Anyone who has worked in enterprise IT in the last 20 years has likely experienced the inverse of this principle—an environment where we believed more in companies than products, and products more than people. We used to talk about being an “IBM shop,” or a “Microsoft shop,” or a “CA shop.” When you had a problem, the first answer was always to look at the company whose solutions you had de facto decided to adopt, see if they have a product that fits, and if so, use it. Regardless of whether it was the best product, or if it resonated with the people who were going to have to implement and use it day to day.

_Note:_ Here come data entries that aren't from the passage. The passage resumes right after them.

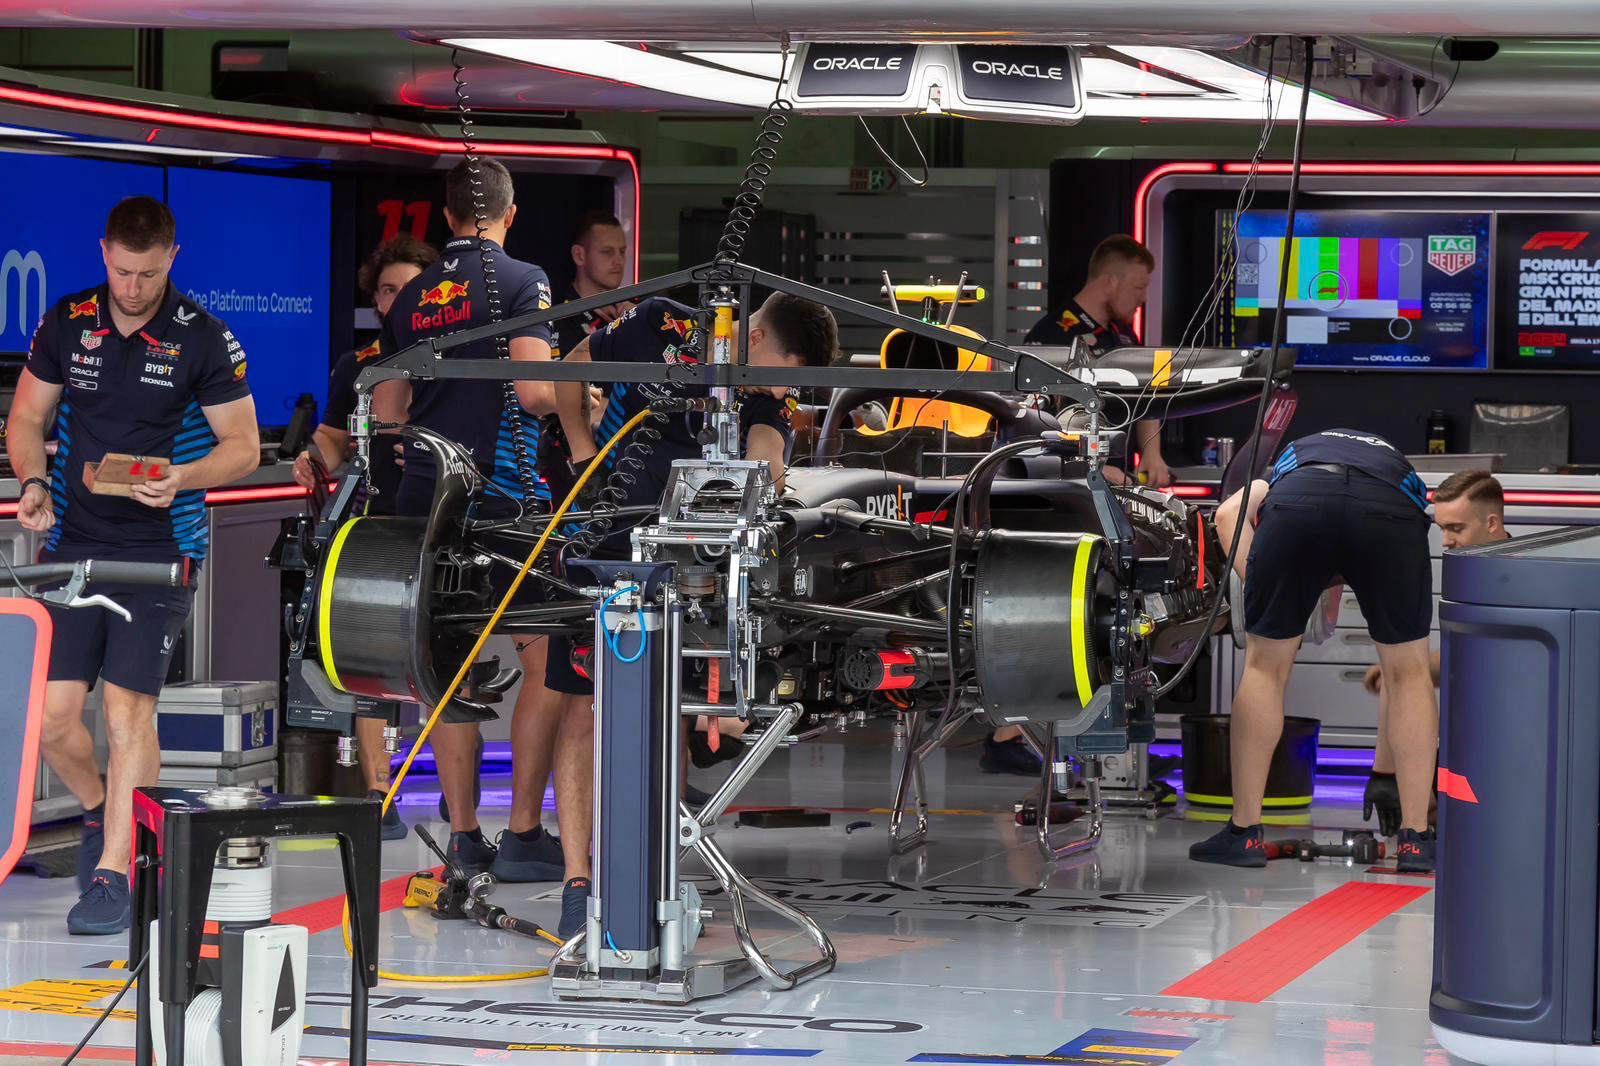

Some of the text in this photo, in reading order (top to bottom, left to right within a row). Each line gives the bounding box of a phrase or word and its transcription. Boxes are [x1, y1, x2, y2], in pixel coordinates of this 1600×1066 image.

[813, 57, 902, 71] ORACLE
[972, 60, 1063, 80] ORACLE
[446, 239, 472, 249] HONDA
[1432, 239, 1472, 251] TAG
[1431, 253, 1473, 273] HEUER
[1519, 272, 1559, 285] MSC
[1519, 286, 1570, 298] GRAN
[209, 288, 255, 312] Platform
[257, 292, 268, 312] to
[270, 292, 312, 314] Connect
[1519, 299, 1552, 312] DEL
[412, 300, 472, 332] Red Bull
[1518, 312, 1530, 326] E
[71, 353, 94, 366] Mobil
[70, 366, 100, 378] ORACLE
[144, 363, 174, 376] BYBIT
[140, 376, 174, 388] HONDA
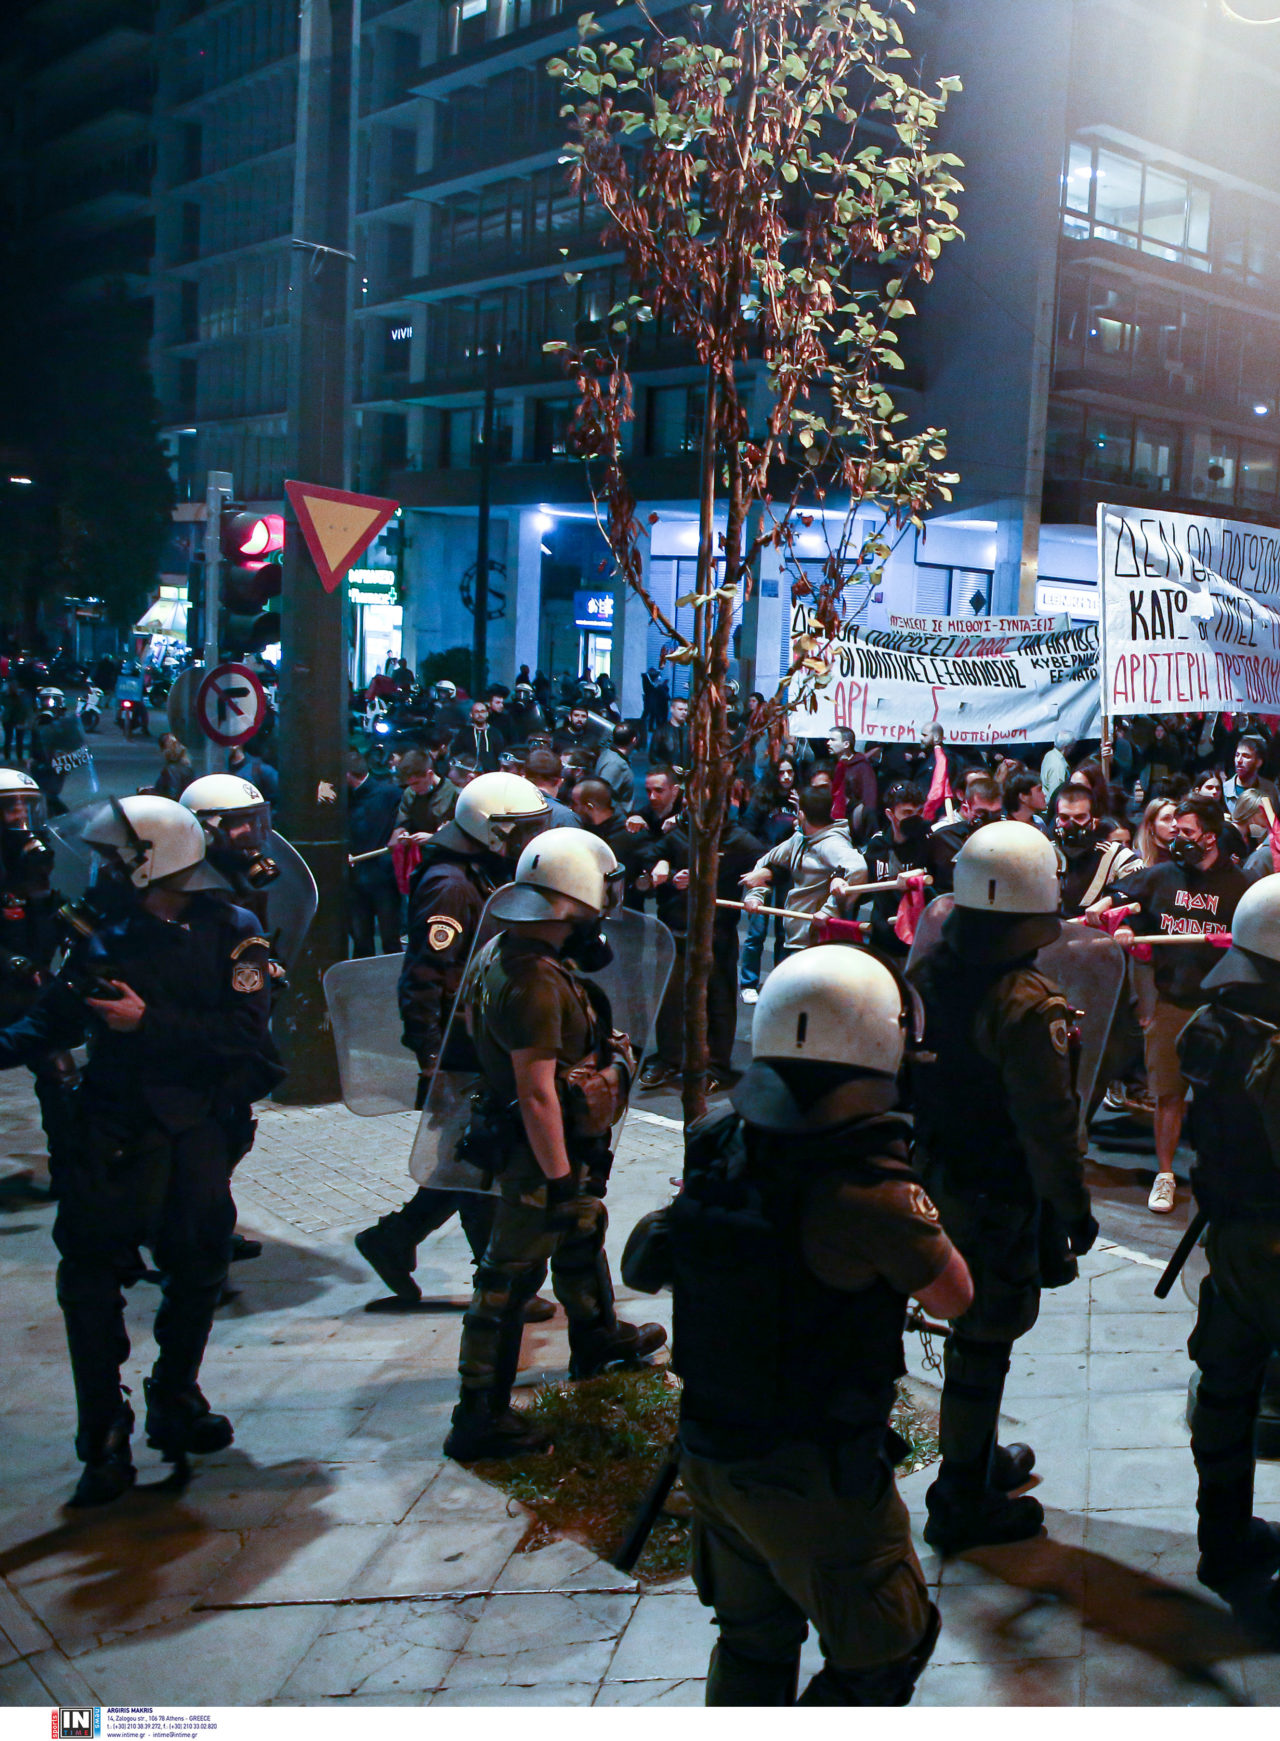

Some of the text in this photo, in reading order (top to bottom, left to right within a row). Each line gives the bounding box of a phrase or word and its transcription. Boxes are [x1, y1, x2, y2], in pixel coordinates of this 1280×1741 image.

[1114, 517, 1184, 578] ΔΕΝ
[1187, 524, 1218, 582] ΘΑ
[932, 619, 943, 633] ΣΕ
[1129, 588, 1190, 641] ΚΑΤΩ
[1210, 592, 1258, 648] ΤΙΜΕΣ
[865, 629, 957, 658] ΠΛΗΡΩΣΕΙ
[1045, 624, 1099, 656] ΑΚΡΙΒΕΙ
[855, 647, 936, 685] ΠΟΛΙΤΙΚΕΣ
[930, 658, 1027, 689] ΕΞΑΘΛΙΩΣΗΣ
[1113, 651, 1210, 705] ΑΡΙΣΤΕΡΗ
[1174, 889, 1220, 916] IRON
[1160, 912, 1227, 936] MAIDEN

DevOps flips this on its head. The first question we ask is what the people who are doing the work, or who are going to consume it, need. If we can find a product that fits that need, great, let’s use it. If we can’t, we’re not afraid to build it ourselves—to take our fate in our own hands and simply solve our problem. 

If we consistently find products that solve our problem from the same company, that’s great. We value those relationships, too. But the moment it stops providing value, we’re taking our money (and our people) elsewhere.

This principle also holds in how you design your internal teams and systems. Sad people build sad products, which in turn create sad companies. Help your people be awesome, and they will make awesome products for you. Make awesome products, and you have a shot at making an awesome company.

DevOps is about people more than technology. The DevOps movement is the solution to the challenges facing every large company in the world right now. Learning its history or principles is valuable—but in order to truly understand what to do next, you need to understand deeply the day-to-day behaviors of the people who practice it. 

And in turn, you must learn to apply those in your own context, whether you’re a software developer or a sales leader. Then we use technology to reinforce those behaviors, and as an accelerant to the changes we need to make.